* _Assignment_: The records below are to be set down word for word, with every picture left out.

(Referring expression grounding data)
-- Opening Marker --

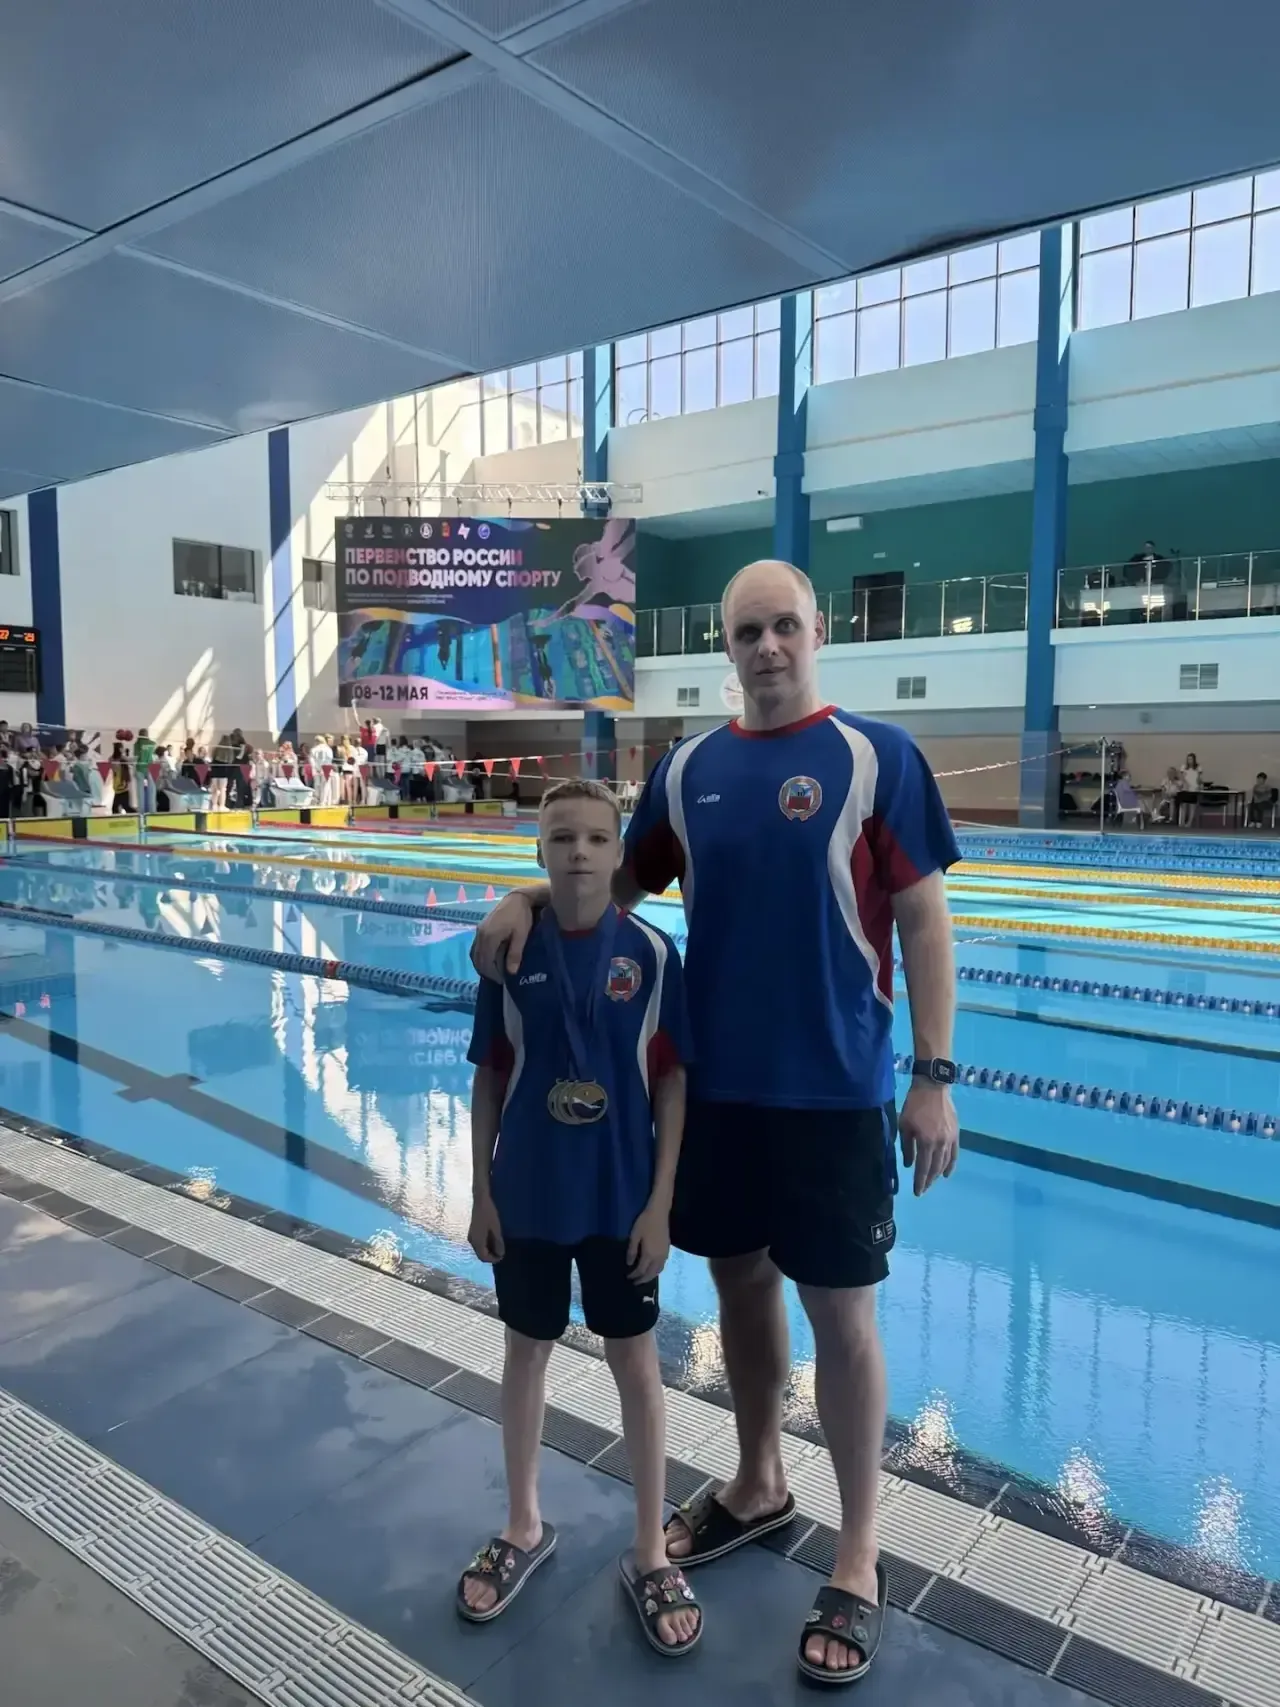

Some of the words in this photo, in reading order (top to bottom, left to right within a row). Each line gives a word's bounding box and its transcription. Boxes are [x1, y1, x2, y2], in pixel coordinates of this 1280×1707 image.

[345, 548, 450, 565] ПЕРВЕНСТВО
[453, 549, 523, 566] РОССИИ
[345, 569, 370, 585] ПО
[373, 569, 493, 589] ПОДВОДНОМУ
[495, 569, 562, 587] СПОРТУ
[397, 685, 429, 701] МАЯ

-- Closing Marker --

* _Solution to the problem_:
Some of the words in this photo, in reading order (top to bottom, left to right within a row). Each line gives a word's bounding box and its transcription. Boxes are [x1, y1, x2, y2], in pixel coordinates of this 1280×1707 image.

[345, 548, 450, 565] ПЕРВЕНСТВО
[453, 549, 523, 566] РОССИИ
[345, 569, 370, 585] ПО
[373, 569, 493, 589] ПОДВОДНОМУ
[495, 569, 562, 587] СПОРТУ
[397, 685, 429, 701] МАЯ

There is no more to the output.